Assigned task | Set down the data below word for word, and leave the images aside.

Material provided |
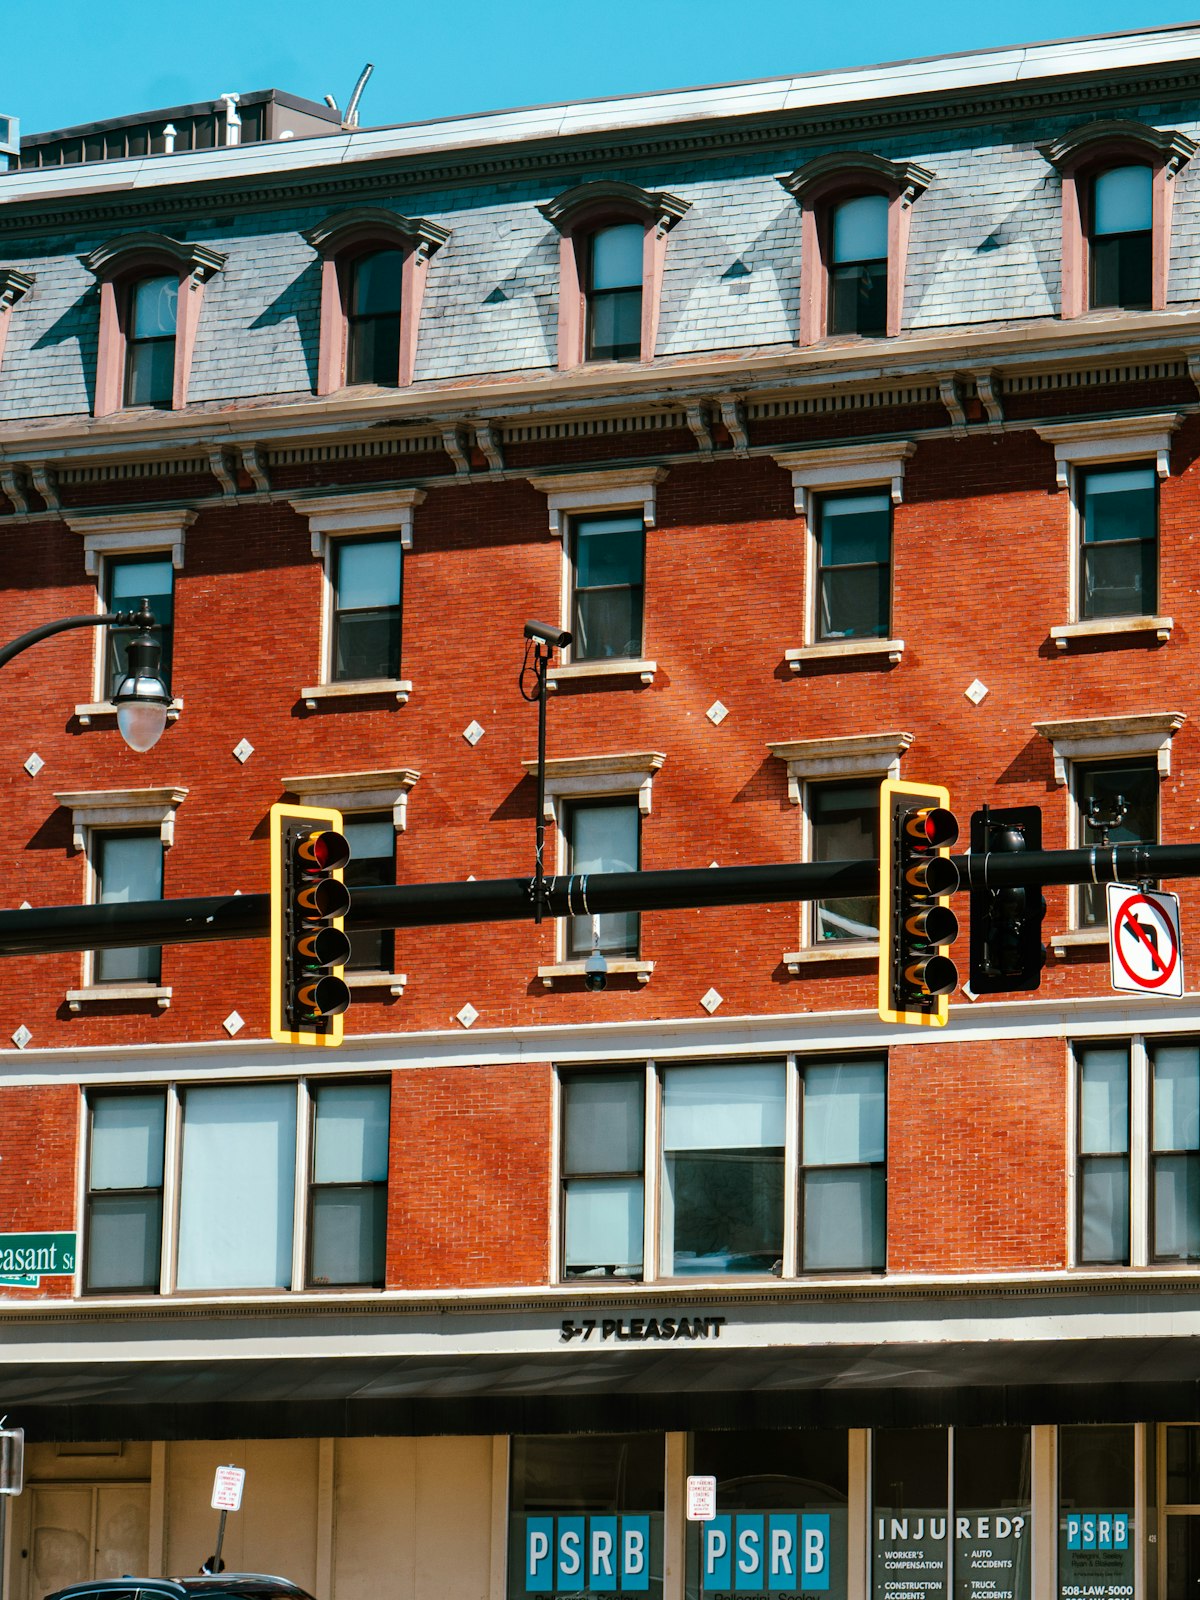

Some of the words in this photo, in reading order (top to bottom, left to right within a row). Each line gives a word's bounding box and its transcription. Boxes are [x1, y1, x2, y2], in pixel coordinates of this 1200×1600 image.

[62, 1253, 74, 1270] St
[561, 1319, 596, 1341] 5-7
[602, 1317, 726, 1340] PLEASANT
[878, 1516, 1025, 1541] INJURED?
[1068, 1520, 1126, 1543] PSRB
[530, 1530, 644, 1576] PSRB
[707, 1529, 825, 1574] PSRB
[884, 1551, 924, 1560] WORKER'S
[971, 1550, 993, 1558] AUTO
[884, 1561, 944, 1570] COMPENSATION
[971, 1560, 1013, 1569] ACCIDENTS
[884, 1581, 942, 1590] CONSTRUCTION
[971, 1581, 996, 1589] TRUCK
[971, 1591, 1013, 1599] ACCIDENTS
[1061, 1585, 1134, 1596] 508-LAW-5000
[884, 1592, 925, 1600] ACCIDENTS
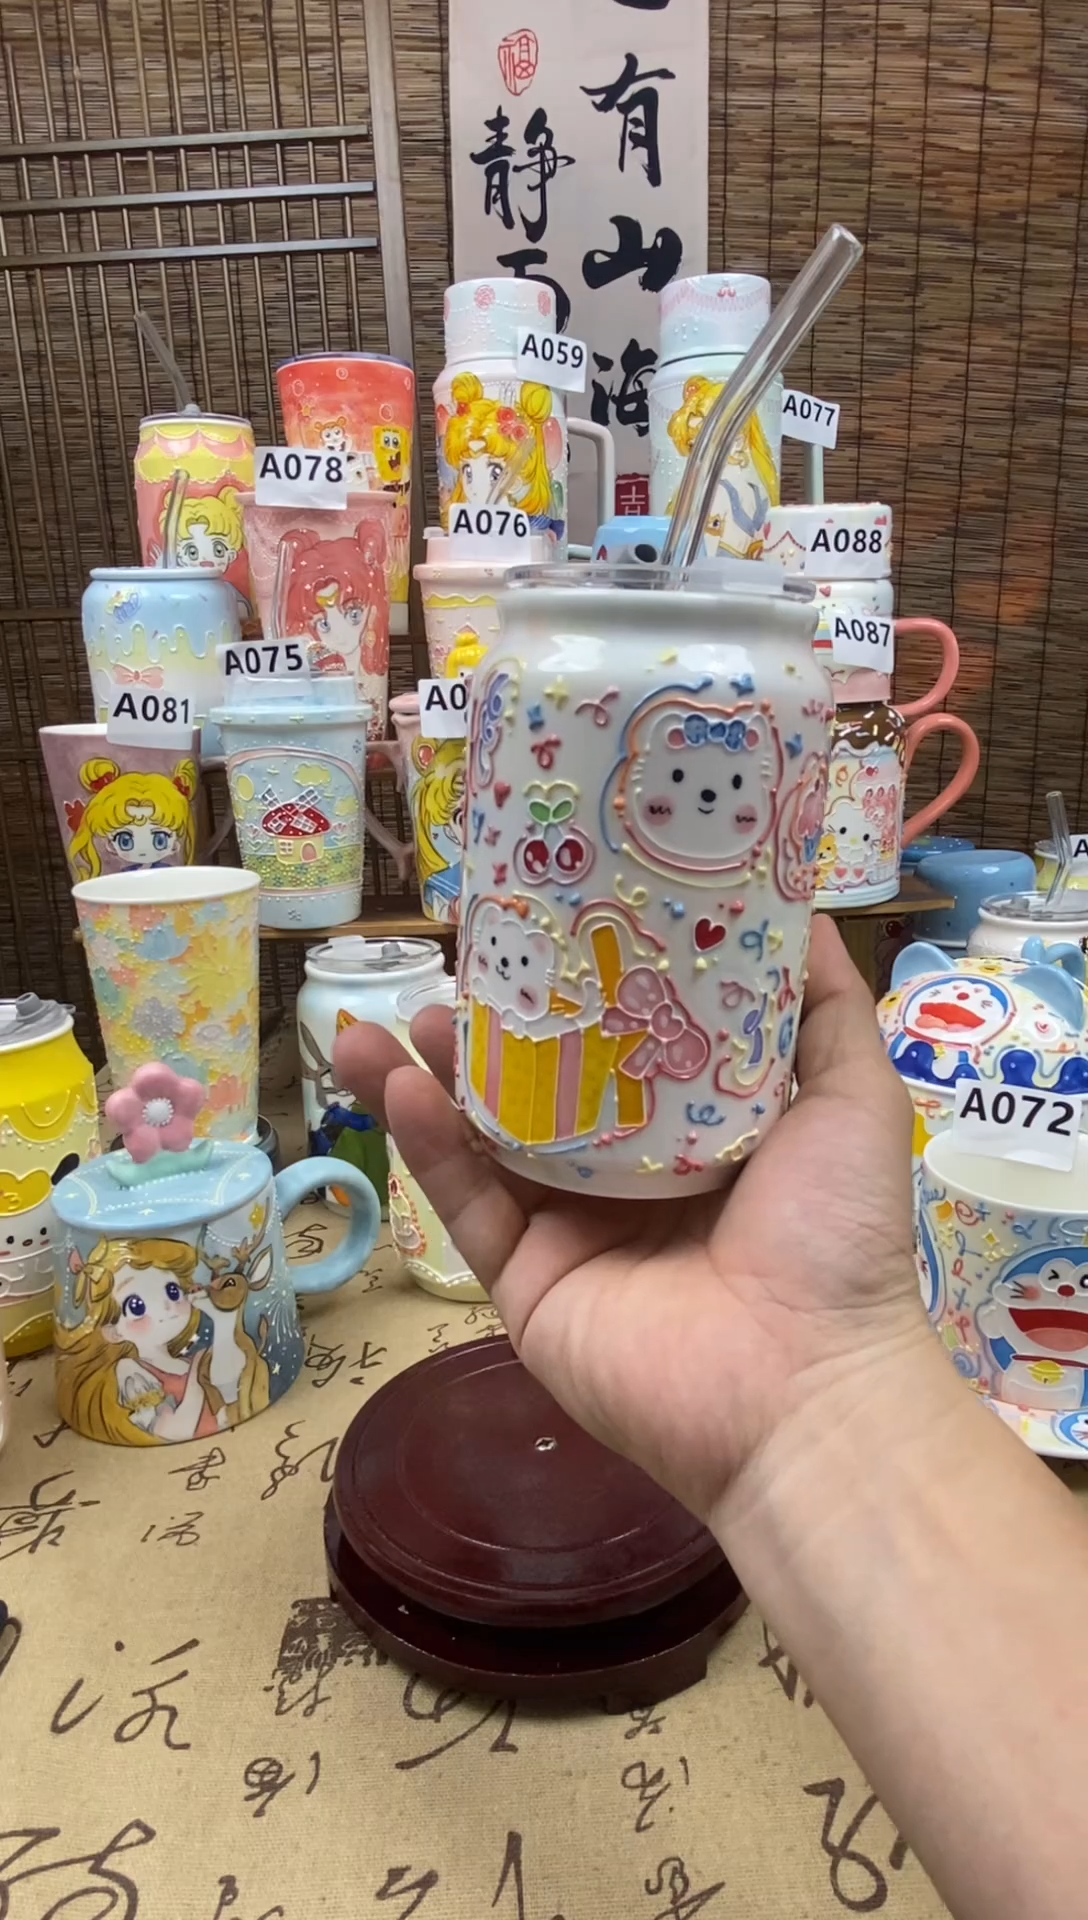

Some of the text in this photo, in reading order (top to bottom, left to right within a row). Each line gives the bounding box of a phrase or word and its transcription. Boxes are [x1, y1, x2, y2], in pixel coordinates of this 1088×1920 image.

[521, 333, 584, 368] A059
[783, 395, 836, 426] A077
[259, 452, 343, 483] A078
[453, 509, 528, 538] A076
[810, 528, 883, 554] A088
[833, 617, 892, 647] A087
[224, 643, 303, 676] A075
[112, 692, 190, 724] A081
[959, 1087, 1076, 1137] A072

Answer space |
Some of the words in this photo, in reading order (top to bottom, left to right within a row). Each line gives a word's bounding box and its transcription. Boxes are [x1, y1, x2, y2], in pixel coordinates of this 1200×1600 image.

[62, 1253, 74, 1270] St
[561, 1319, 596, 1341] 5-7
[602, 1317, 726, 1340] PLEASANT
[878, 1516, 1025, 1541] INJURED?
[1068, 1520, 1126, 1543] PSRB
[530, 1530, 644, 1576] PSRB
[707, 1529, 825, 1574] PSRB
[884, 1551, 924, 1560] WORKER'S
[971, 1550, 993, 1558] AUTO
[884, 1561, 944, 1570] COMPENSATION
[971, 1560, 1013, 1569] ACCIDENTS
[884, 1581, 942, 1590] CONSTRUCTION
[971, 1581, 996, 1589] TRUCK
[971, 1591, 1013, 1599] ACCIDENTS
[1061, 1585, 1134, 1596] 508-LAW-5000
[884, 1592, 925, 1600] ACCIDENTS

Some of the text in this photo, in reading order (top to bottom, left to right within a row). Each line gives the bounding box of a phrase or word and its transcription. Boxes are [x1, y1, x2, y2], in pixel coordinates of this 1088×1920 image.

[521, 333, 584, 368] A059
[783, 395, 836, 426] A077
[259, 452, 343, 483] A078
[453, 509, 528, 538] A076
[810, 528, 883, 554] A088
[833, 617, 892, 647] A087
[224, 643, 303, 676] A075
[112, 692, 190, 724] A081
[959, 1087, 1076, 1137] A072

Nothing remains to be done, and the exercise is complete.